The academy, Crow said, is like any entrepreneurial operation: It sells a service. He said that when the academy negotiates a contract with a company seeking some form of education, the contract will provide for the cost, overhead and for a small margin of profit. The profits will go into the Orange Coast College Foundation, which will use the money for scholarships, equipment purchases for the college, instructional improvement and other academic needs not funded by tax dollars. Crow knows that there is a need for the services his academy offers.

Business in the Pacific Rim

“We had a survey that indicated there are at least 150 companies in the county that have interest in doing business with the Pacific Rim.”

Other surveys, by local banks and industry groups, have tallied as many as 1,000 Orange County companies currently doing business with Pacific Rim nations--mainly in Japan, Taiwan and Hong Kong, but increasingly in Central and South American countries that border the Pacific, as well as in Australia. Other Pacific Rim players include New Zealand, Singapore, Korea, China and the various Pacific island groups.

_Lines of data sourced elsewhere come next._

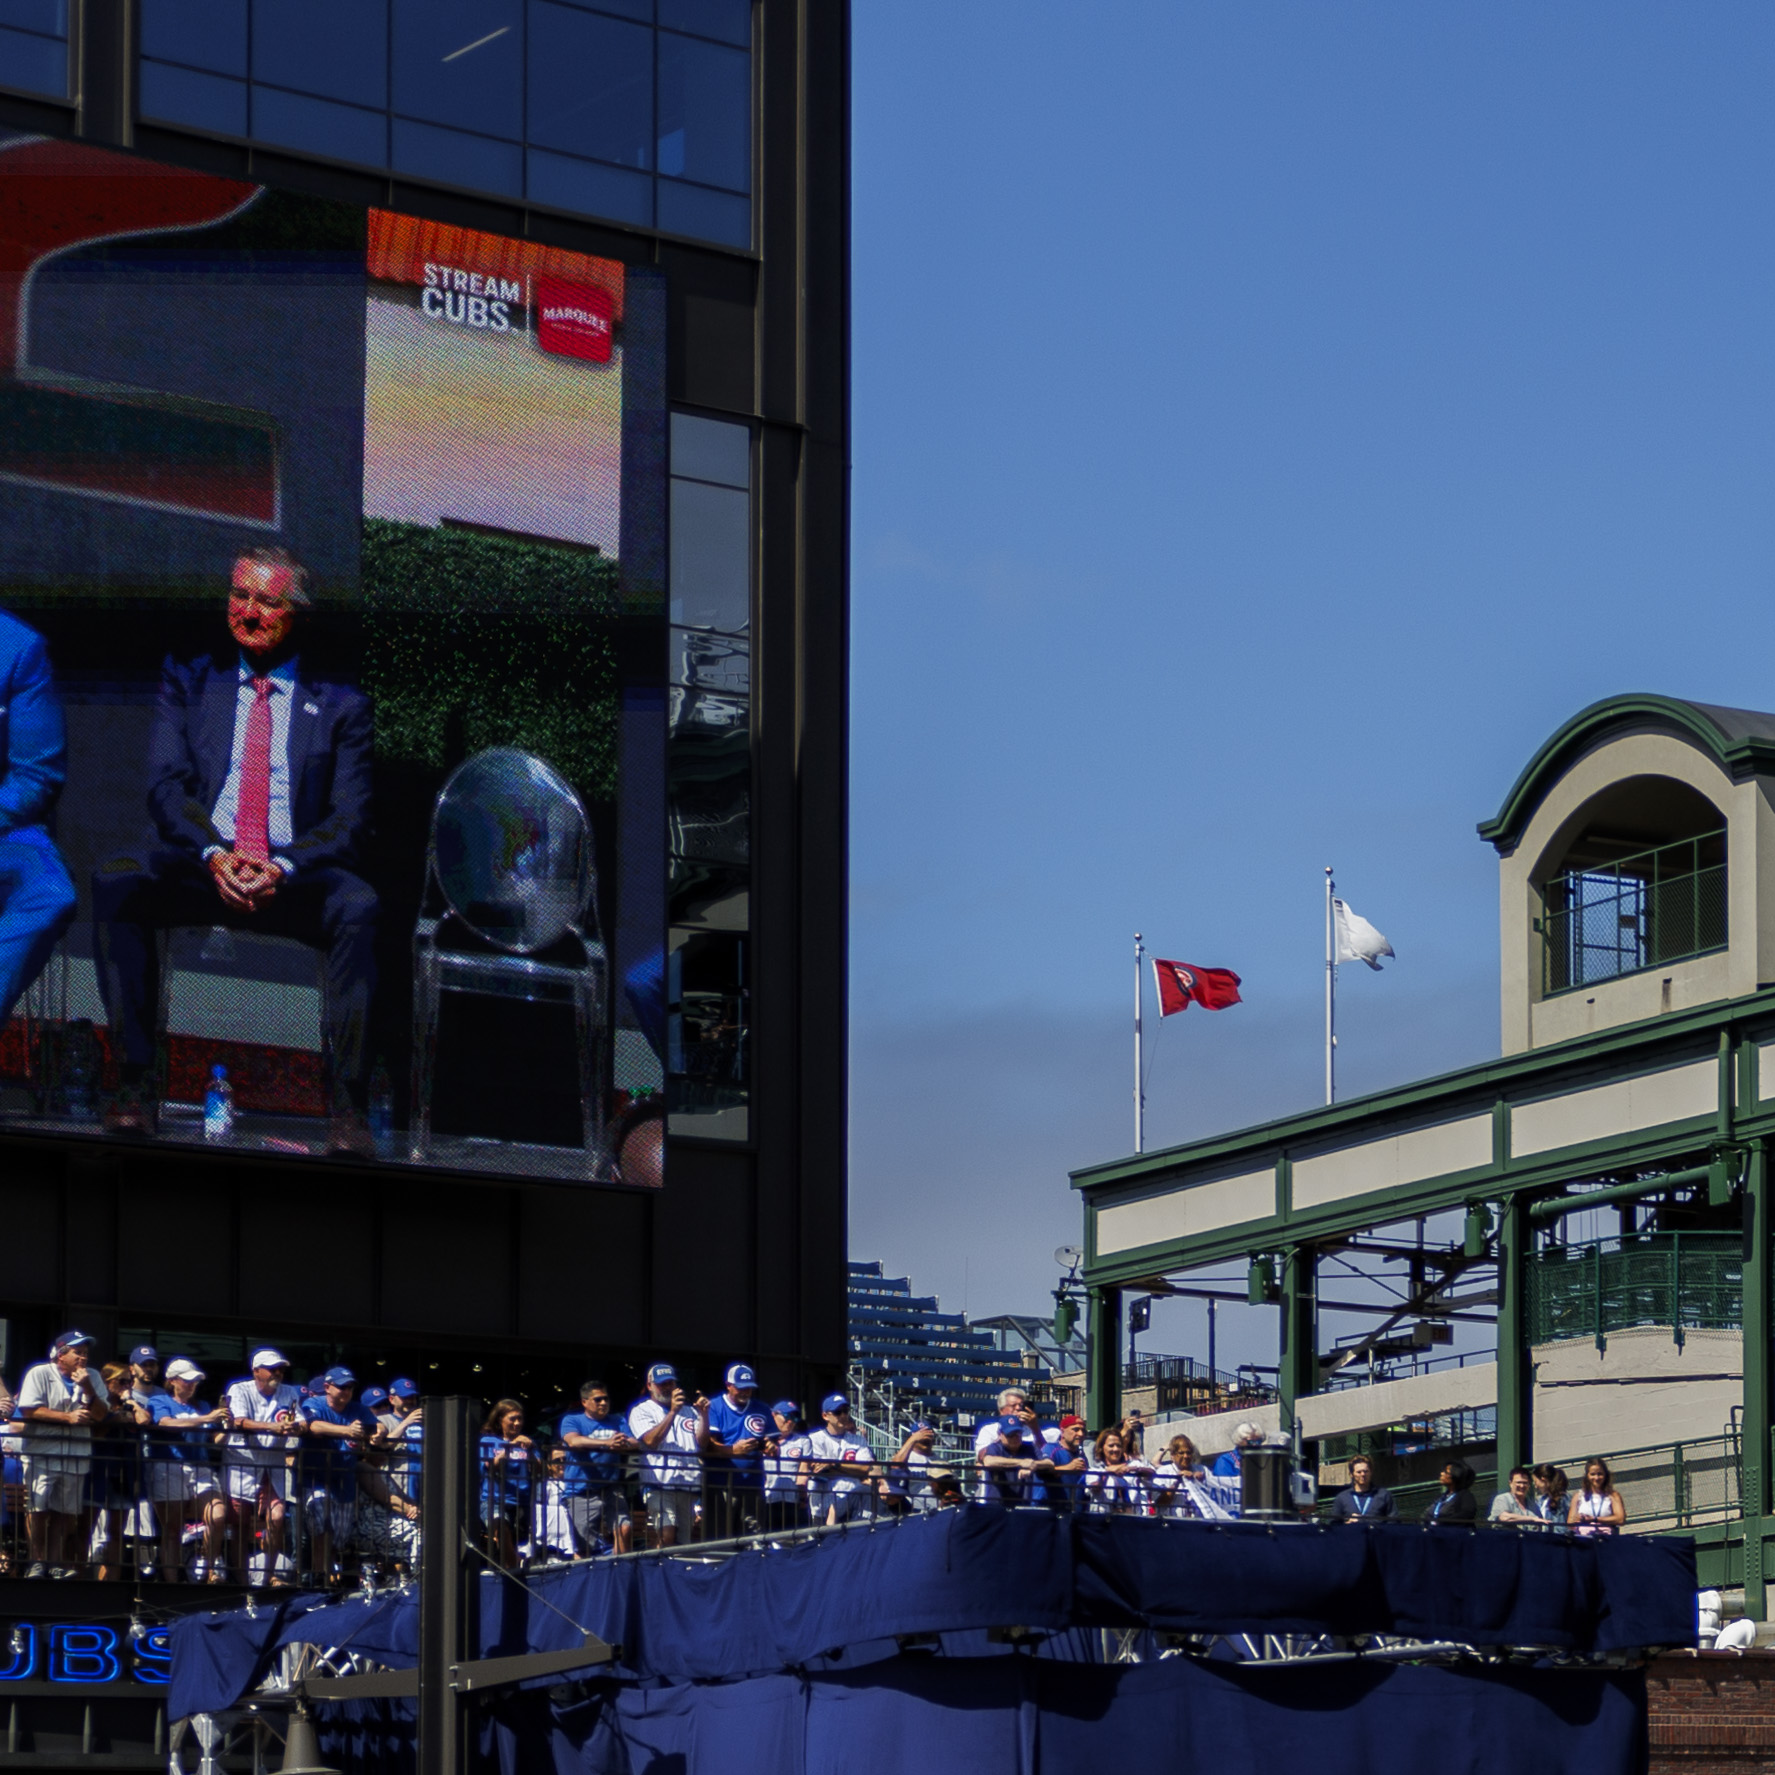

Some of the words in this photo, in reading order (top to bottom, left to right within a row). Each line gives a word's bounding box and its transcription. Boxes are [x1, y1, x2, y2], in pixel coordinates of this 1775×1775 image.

[424, 263, 520, 303] STREAM
[422, 286, 510, 334] CUBS
[542, 306, 608, 333] MARQUEE
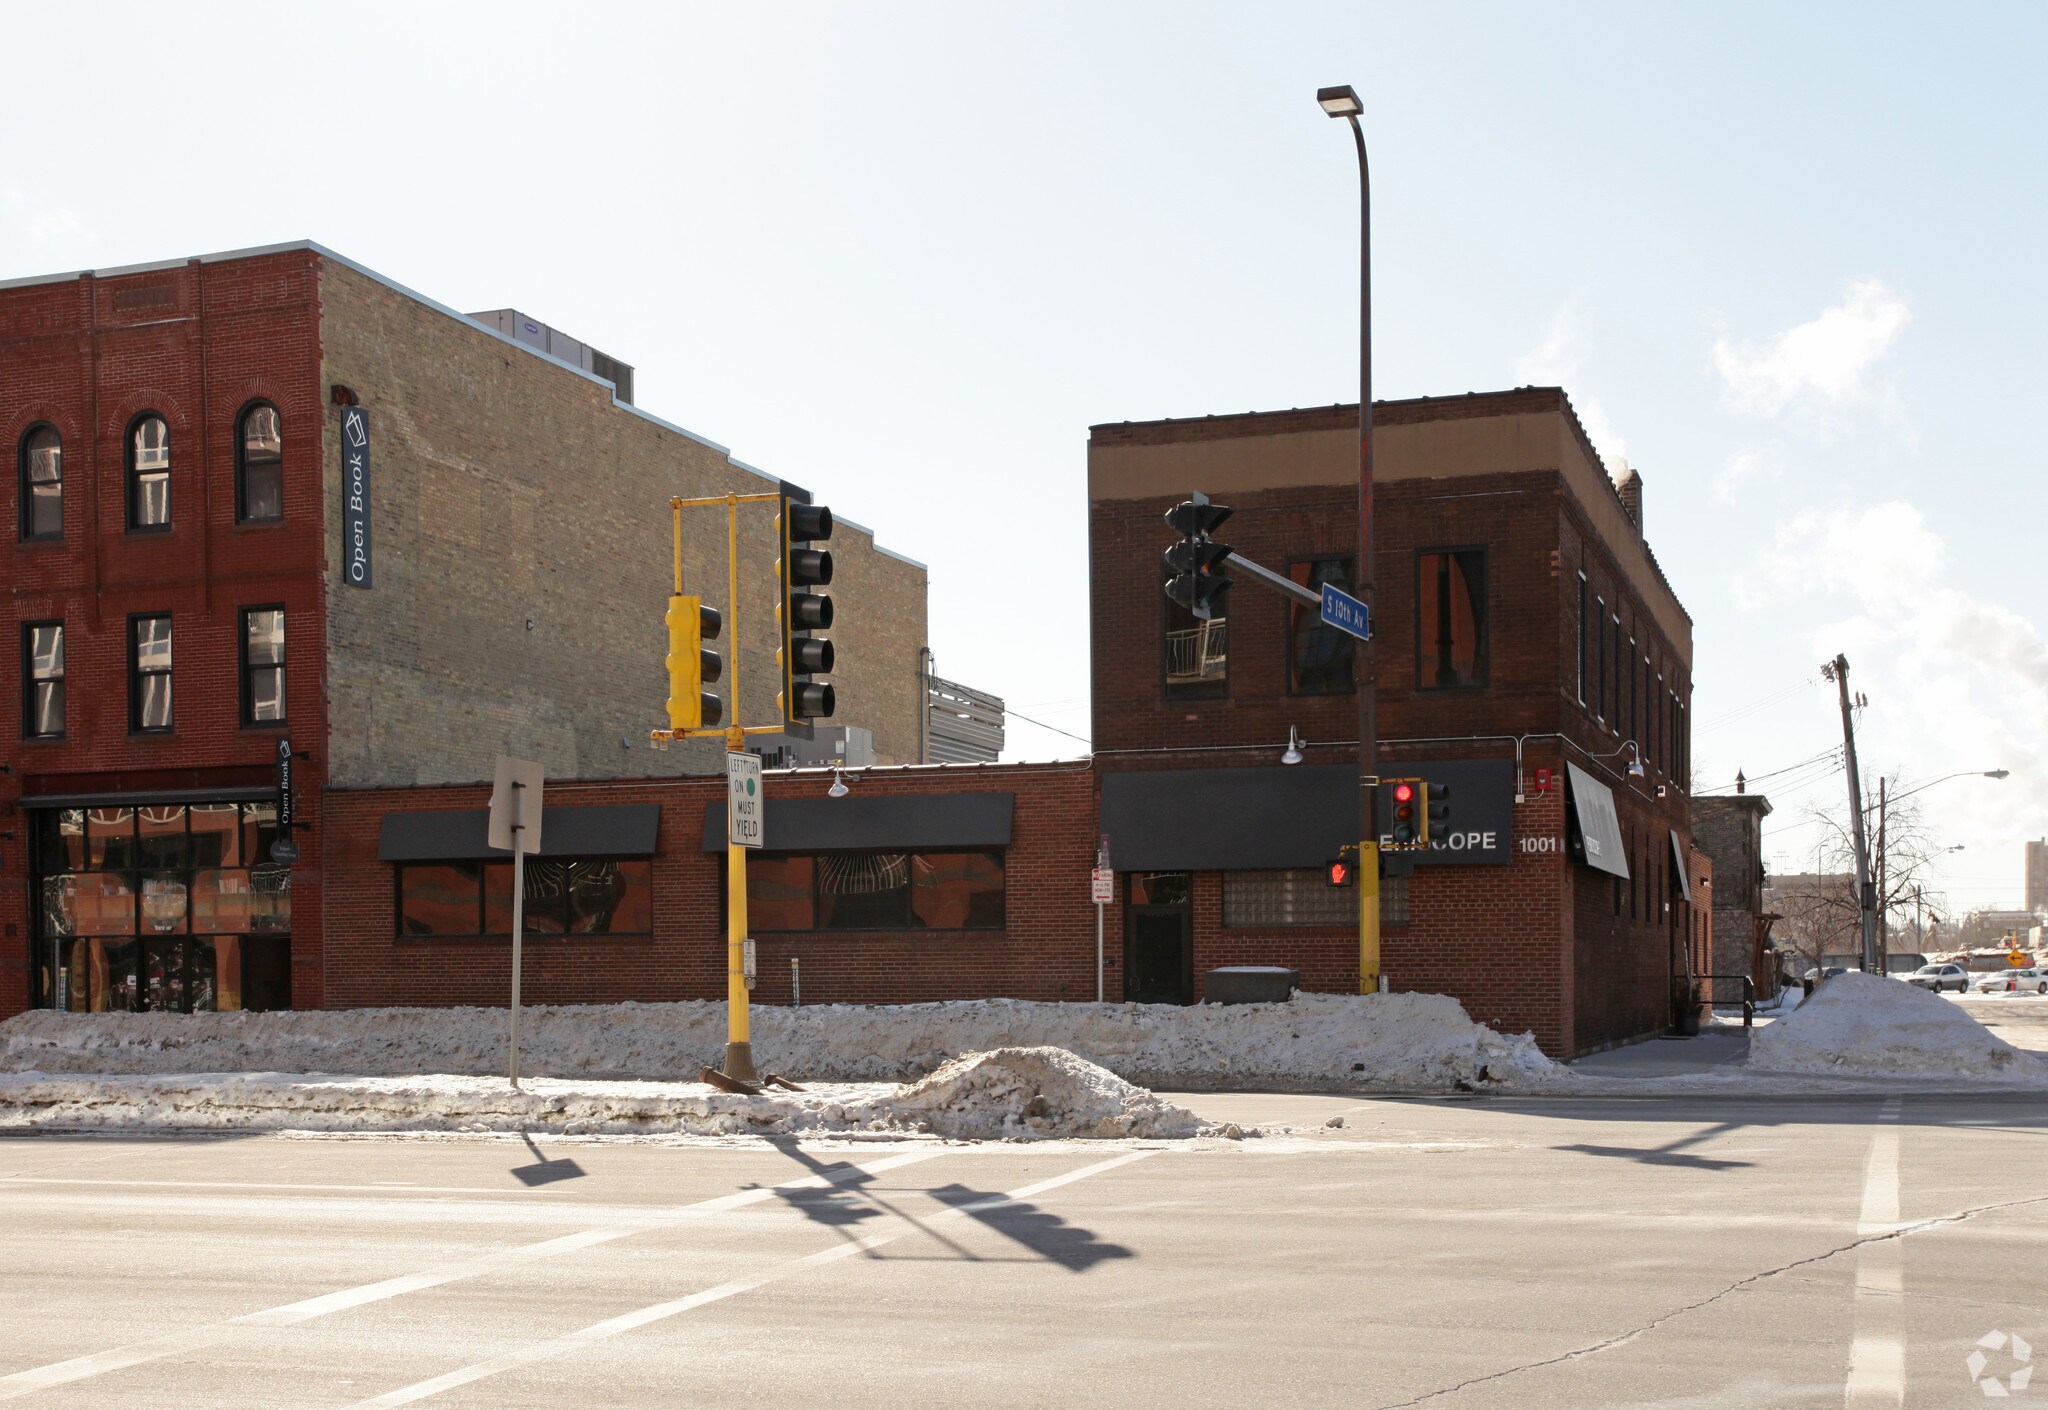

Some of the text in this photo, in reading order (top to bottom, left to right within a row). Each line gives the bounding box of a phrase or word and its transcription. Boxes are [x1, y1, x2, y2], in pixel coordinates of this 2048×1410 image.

[350, 452, 367, 582] Open Book
[1327, 594, 1333, 614] S
[730, 757, 760, 776] LEFT TURN
[281, 760, 290, 824] Open Book
[734, 779, 744, 794] ON
[737, 801, 755, 816] MUST
[736, 818, 758, 838] YIELD
[1519, 836, 1556, 853] 1001
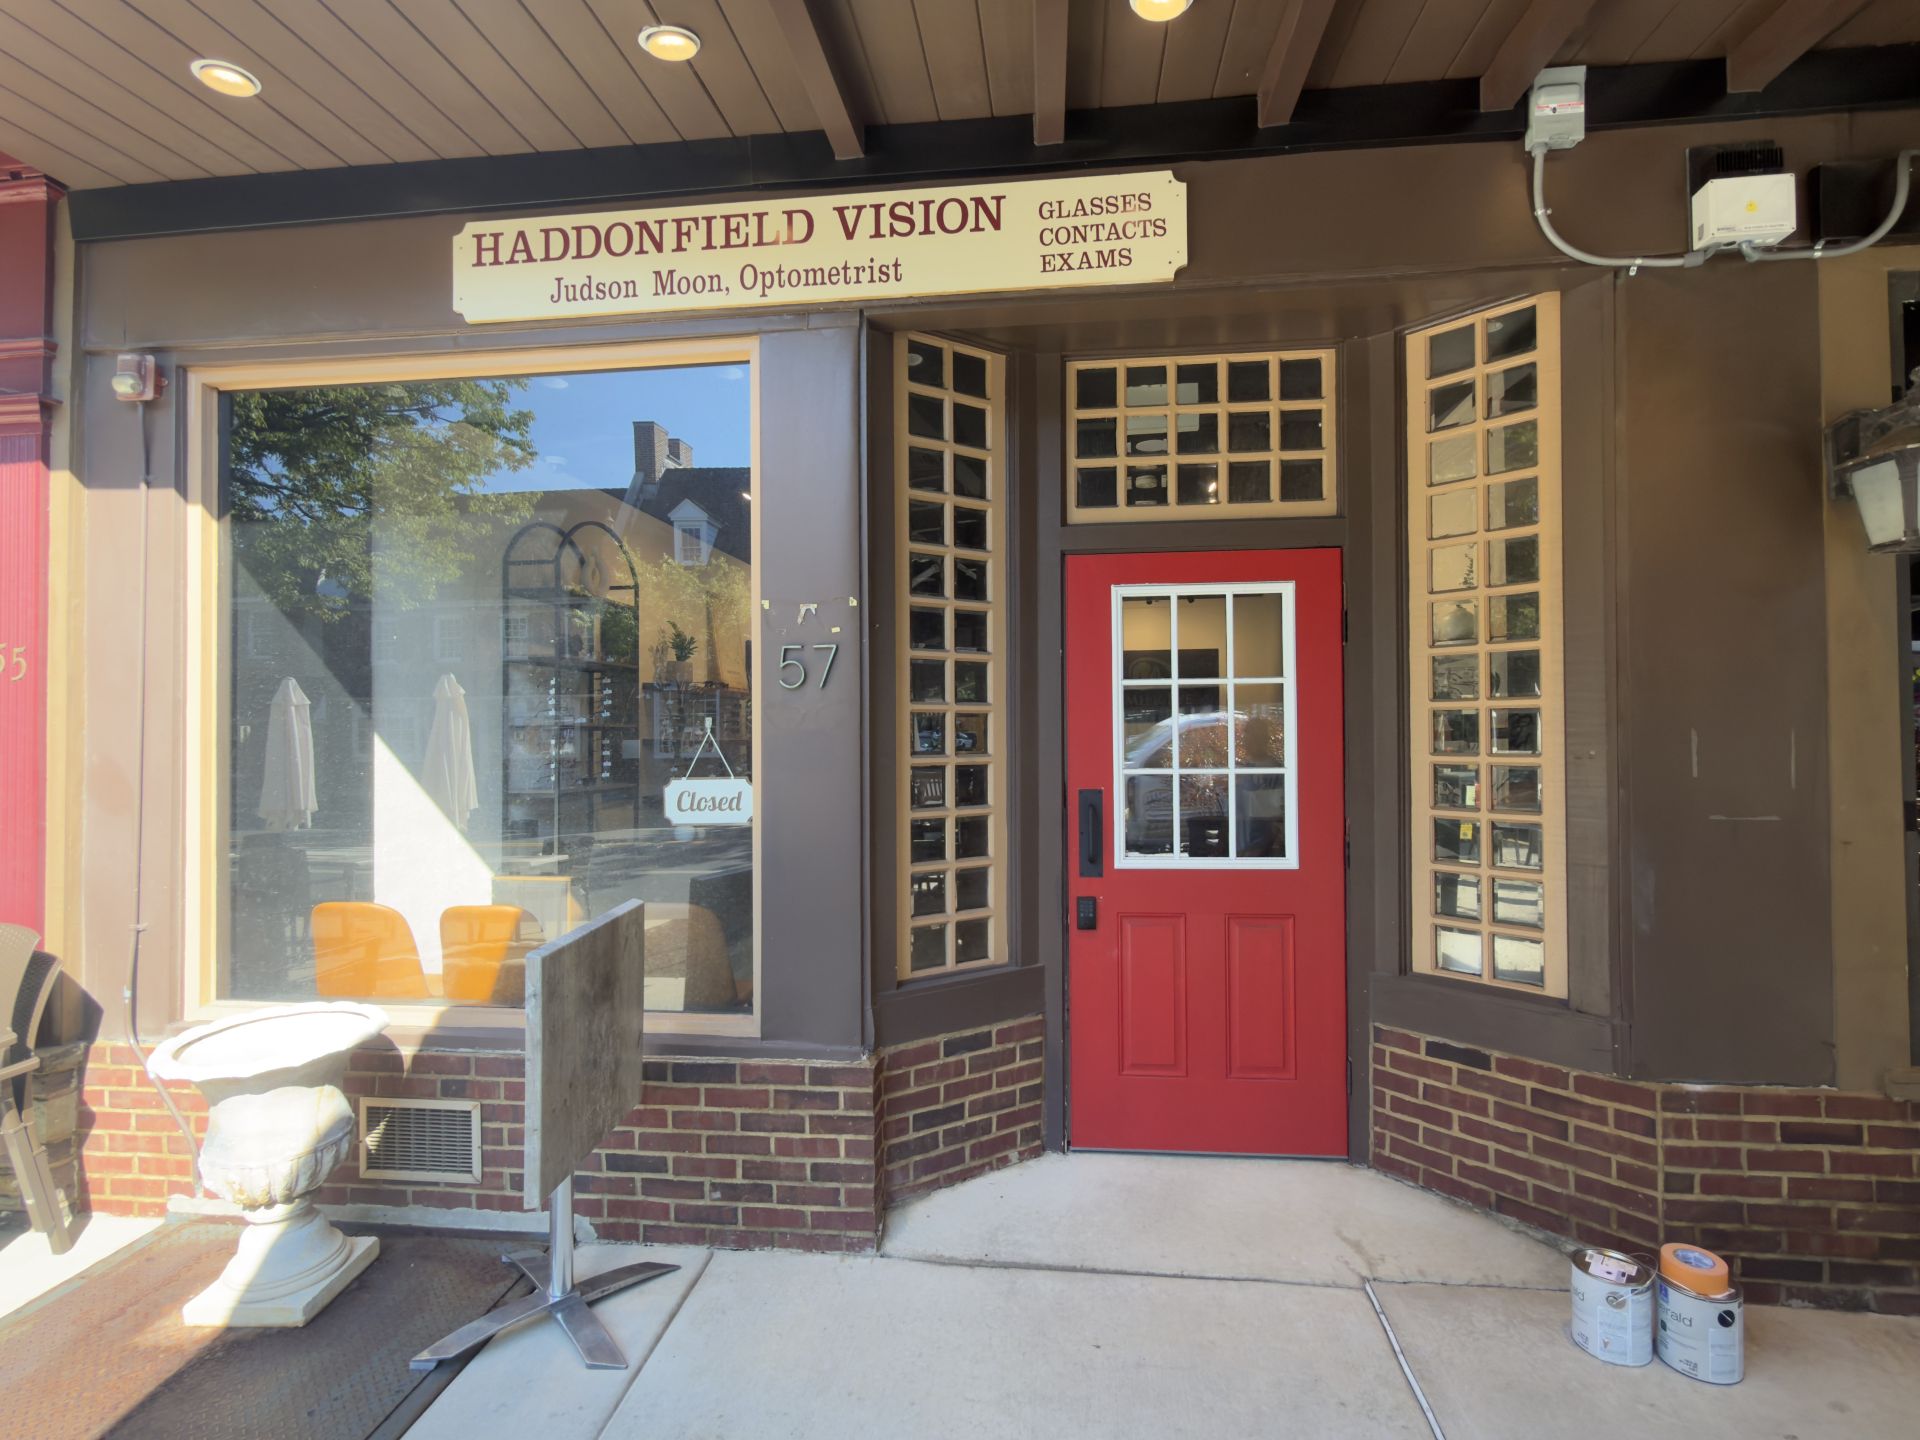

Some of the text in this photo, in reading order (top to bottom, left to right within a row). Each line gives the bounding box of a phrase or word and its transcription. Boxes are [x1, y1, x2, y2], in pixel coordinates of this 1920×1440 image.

And that opens up broad vistas for Crow.

“Operationally, we will be like a ‘brokering’ enterprise,” Crow said. “We will look at the highly specific training needs of our region’s businesses and industries, and we will provide consultants and experts as necessary to effectively address those needs.

“For instance, if local firms require a crash course in Japanese business etiquette, Korean customs or conversational Chinese, we will put together training experiences tailored and timed specifically for those needs.”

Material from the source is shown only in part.